Traditionally, a person who was born in Peebles was called a ‘gutterbluid’, although precious few can lay claim to that distinction any longer, because the community no longer has a hospital. However, some of the famous people connected with Peebles include the explorer, Mungo Park, who practiced medicine in the town; the author, John Buchan, who practiced law; and the folk musician, Eric Bogle.
In rugby terms, Peebles RFC were only recently invited to join the Border League in 1996 and, before then, had participated in friendly matches with their Border rivals, since being founded in the 19th century. They have recorded a number of positive victories in the last 15 years and more than justified the decision to grant them entry. In football, meanwhile, the Scotland player, Kevin Thomson, became the first Borderer to appear in a European final when he played for Rangers in the UEFA Cup final of 2008.
This Royal Burgh lies on the Ettrick Water, a tributary of the River Tweed, and has a population of 5,839. The people of the town are commonly knows as ‘Souters’, meaning cobblers, shoe makers and menders. Selkirk was formerly the county town of Selkirkshire and is the site of the first Border Abbey, while William Wallace was declared guardian of Scotland in this community, which also has connections to Bonnie Prince Charlie and the Marquess of Montrose. Selkirk’s population swelled, because of the woollen industry, although that has virtually vanished in the Borders, and the town is better known in the 21st century for its Common Riding, the production of bannocks (dry fruit cakes) and tourism, containing as it does many spots of natural beauty.
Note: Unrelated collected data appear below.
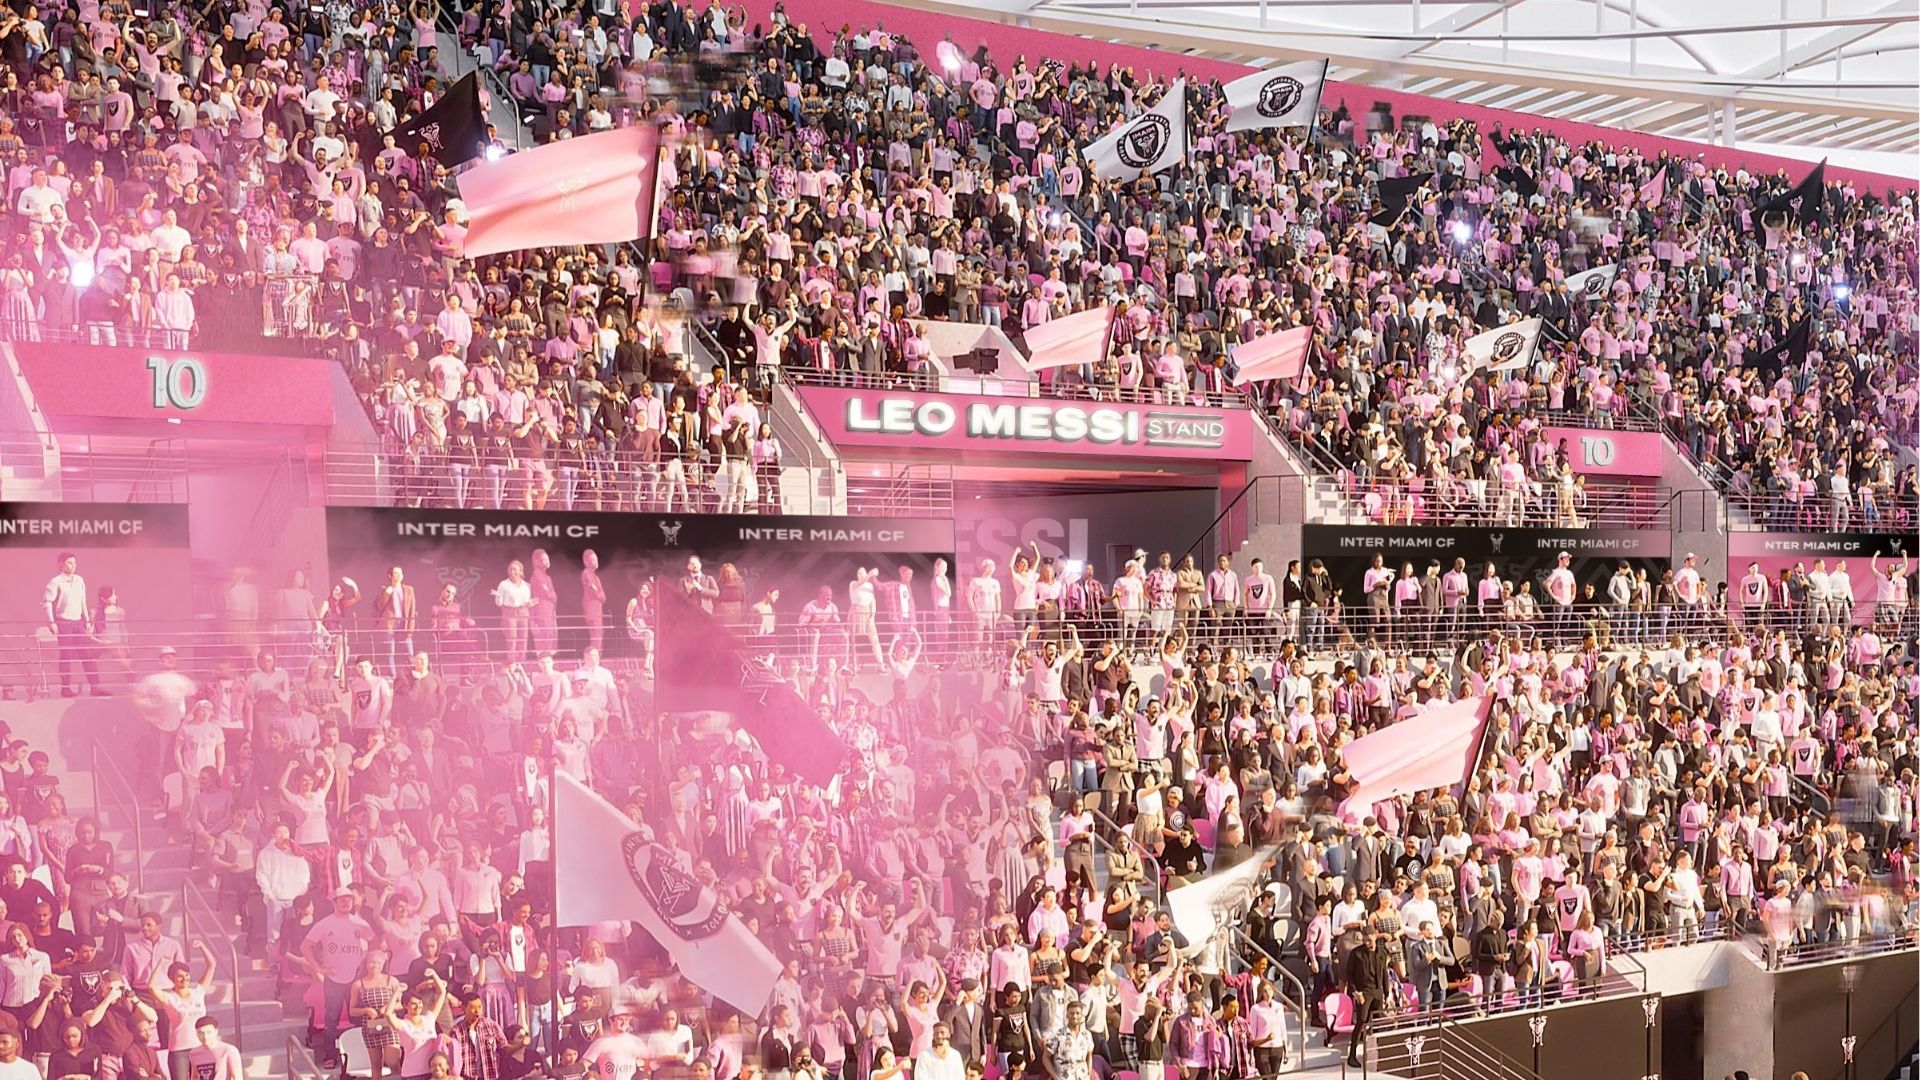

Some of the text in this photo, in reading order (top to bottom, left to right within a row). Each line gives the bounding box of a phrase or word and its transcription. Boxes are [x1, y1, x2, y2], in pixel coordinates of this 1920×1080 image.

[145, 357, 206, 410] 10
[846, 398, 1224, 445] LEO MESSI STAND
[1581, 437, 1615, 466] 10
[59, 519, 114, 535] MIAMI
[118, 519, 143, 535] CF
[398, 522, 600, 539] INTER MIAMI CF
[739, 528, 905, 542] INTER MIAMI CF
[956, 518, 1088, 577] ESSI
[1340, 536, 1455, 548] INTER MIAMI CF
[1537, 538, 1640, 549] INTER MIAMI CF
[1803, 541, 1841, 551] MIAMI
[1843, 542, 1861, 551] CF
It boasts a museum, an art gallery, and strong associations with the explorer, Mungo Park, the poet and writer, James Hogg (‘The Ettrick Shepherd’) and the fabled Sir Walter Scott, as well as being the home of the contemporary author and journalist, Allan Massie. It also boasts Scotland’s oldest horse racing track, the Gala Rig, on the town’s outskirts.
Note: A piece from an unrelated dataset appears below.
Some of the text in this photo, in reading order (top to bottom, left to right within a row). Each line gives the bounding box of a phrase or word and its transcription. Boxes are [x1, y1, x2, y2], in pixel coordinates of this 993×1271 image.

Selkirk men fought with Wallace at Stirling Brig and Falkirk, and also with Robert the Bruce at Bannockburn, but it their connection with the battle of Flodden in 1513, when all but one of their number perished, which has provided the most poignant memories. That lone survivor, ‘Fletcher’, brought back with him a blood-stained English standard, which belonged to the Macclesfield regiment, and cast the captured standard round his head to indicate that all his compatriots from Selkirk had died on Flodden’s fields.
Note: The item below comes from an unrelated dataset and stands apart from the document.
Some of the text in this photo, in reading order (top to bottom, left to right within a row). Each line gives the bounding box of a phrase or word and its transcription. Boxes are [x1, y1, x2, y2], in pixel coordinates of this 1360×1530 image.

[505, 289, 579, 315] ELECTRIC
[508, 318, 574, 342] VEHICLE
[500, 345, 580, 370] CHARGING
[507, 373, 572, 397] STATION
The Selkirk Grace, a staple of every Burns Supper, has no connections with the town, beyond its name, originating as it did in the west of Scotland. Although attributed to Burns, it was already known in the 17th century as the Galloway Grace or the Covenanters’ Grace, but came to be called the Selkirk Grace, because the Ayrshire poet was said to have delivered it at a dinner, hosted by the Earl of Selkirk.
It reads as follows:
Some hae meat and canna eat,
And some wad eat that want it,
But we hae meat, and we can eat,
Sae let the Lord be thankit.
Rugby has played a proud role in the history of the community, with the peerless Scotland and Lions stand-off, John Rutherford, only one of a clutch of Philiphaugh-based performers to have represented their country. The town’s cricket club, which was founded in 1851, has gone on to win the Border League on more than 20 occasions. And Selkirk also has links with a number of Scottish footballers, including Bobby Johnstone – one of the Hibs’ ‘Famous Five’ – and Celtic’s Sandy McMahon.